Cut to reality! I got first taste of this whole paradigm when I took over a program management role quite some time back. As a program manager, I was supposed to get a program delivered with multiple features, developed/tested by different team member from different project teams. Individual project teams had formal reporting structure with individual project mangers, who used to lend resources on  a per program basis. In simple term, this is what is popularly known as ‘matrix organization’ where formal reporting and business reporting act as a perpendicular items to each other. Definitely it was a challenging ask to get things done as a program manager without control of individuals. However over a period of time, I was able to build on it by developing stronger listening skills, communication, big picture creation, creating an environment of abundance etc, because of which the program execution became smooth.

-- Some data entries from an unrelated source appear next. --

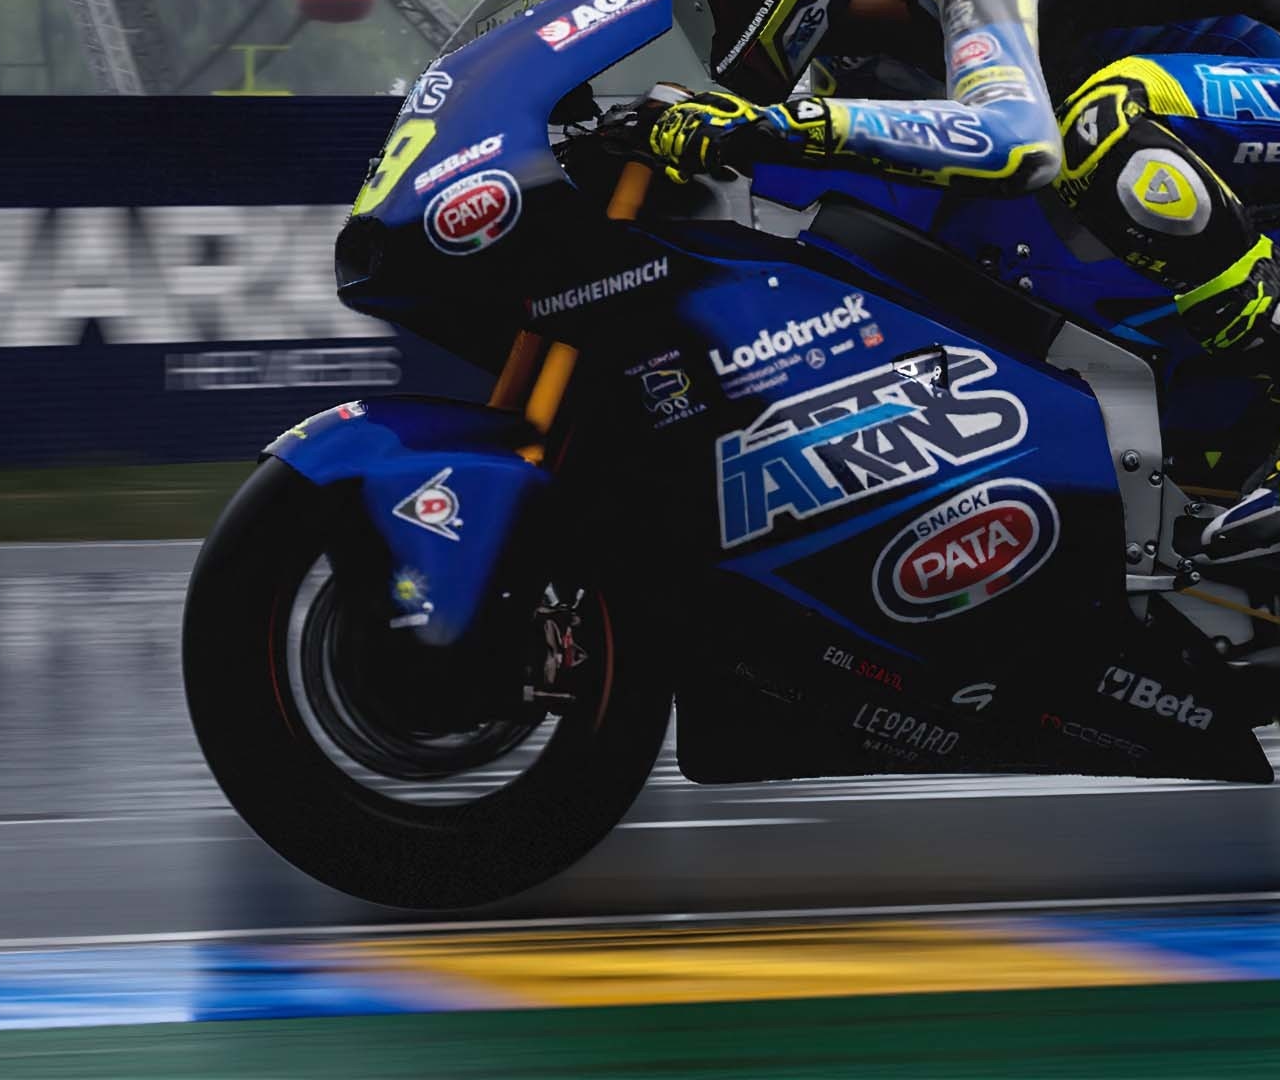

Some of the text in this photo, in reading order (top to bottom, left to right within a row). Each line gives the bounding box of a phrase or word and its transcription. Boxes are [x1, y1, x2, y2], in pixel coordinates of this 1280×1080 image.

[443, 190, 500, 234] PATA
[530, 256, 669, 318] JUNGHEINRICH
[708, 293, 872, 376] Lodotruck
[919, 491, 988, 538] SNACK
[911, 520, 1021, 591] PATA
[852, 702, 961, 756] LEOPARD
[1128, 676, 1214, 731] Beta

At the same time I started observing where people started opening up with big time, by sharing some of their deeper concerns. They were telling me about individual career plans, career aspirations, concerns that are coming from various sources etc. Without even me asking for it information used to reach me, because of which I was able to build even stronger influence on people. On the contrary individual people managers who had formal authority were never aware of these items as information never reached them. In summary I was able to influence more without formal authority mainly because people were more open to me, which gave me tremendous opportunity for me to get people influenced.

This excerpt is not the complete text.